Write out everything in the records exactly, apart from the pictures.

Start of GIVEN DATA

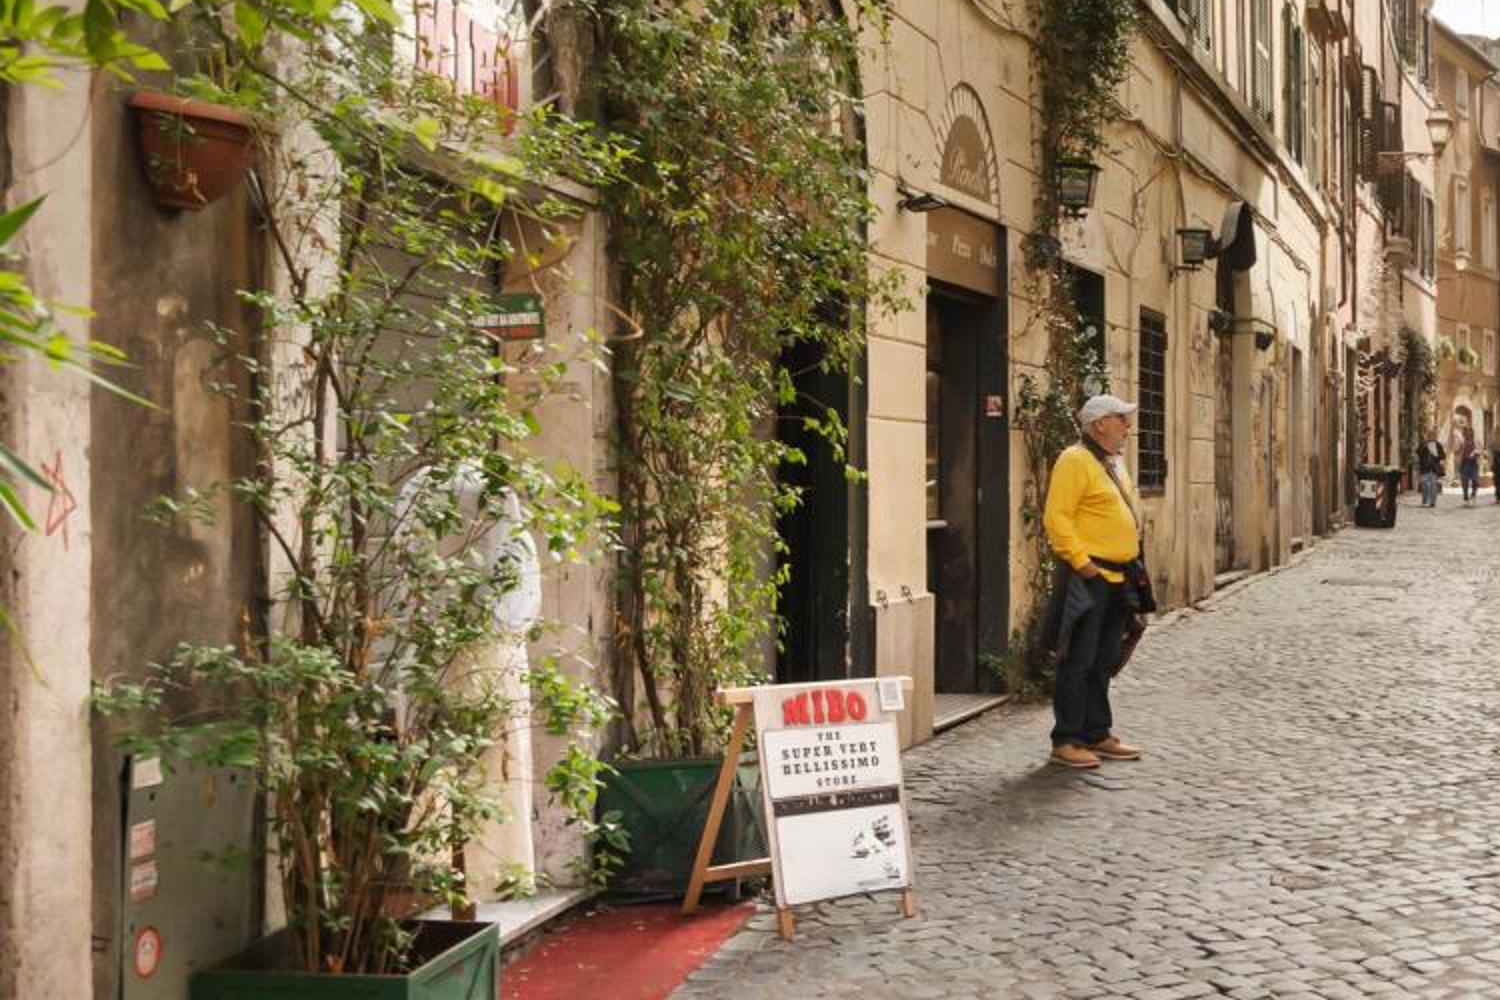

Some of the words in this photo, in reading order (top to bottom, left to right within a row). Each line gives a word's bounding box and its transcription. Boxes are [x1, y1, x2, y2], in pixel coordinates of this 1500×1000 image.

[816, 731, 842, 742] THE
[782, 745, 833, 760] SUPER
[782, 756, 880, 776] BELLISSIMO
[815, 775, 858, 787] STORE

End of GIVEN DATA

**YOUR RESPONSE**
Some of the words in this photo, in reading order (top to bottom, left to right within a row). Each line gives a word's bounding box and its transcription. Boxes are [x1, y1, x2, y2], in pixel coordinates of this 1500×1000 image.

[816, 731, 842, 742] THE
[782, 745, 833, 760] SUPER
[782, 756, 880, 776] BELLISSIMO
[815, 775, 858, 787] STORE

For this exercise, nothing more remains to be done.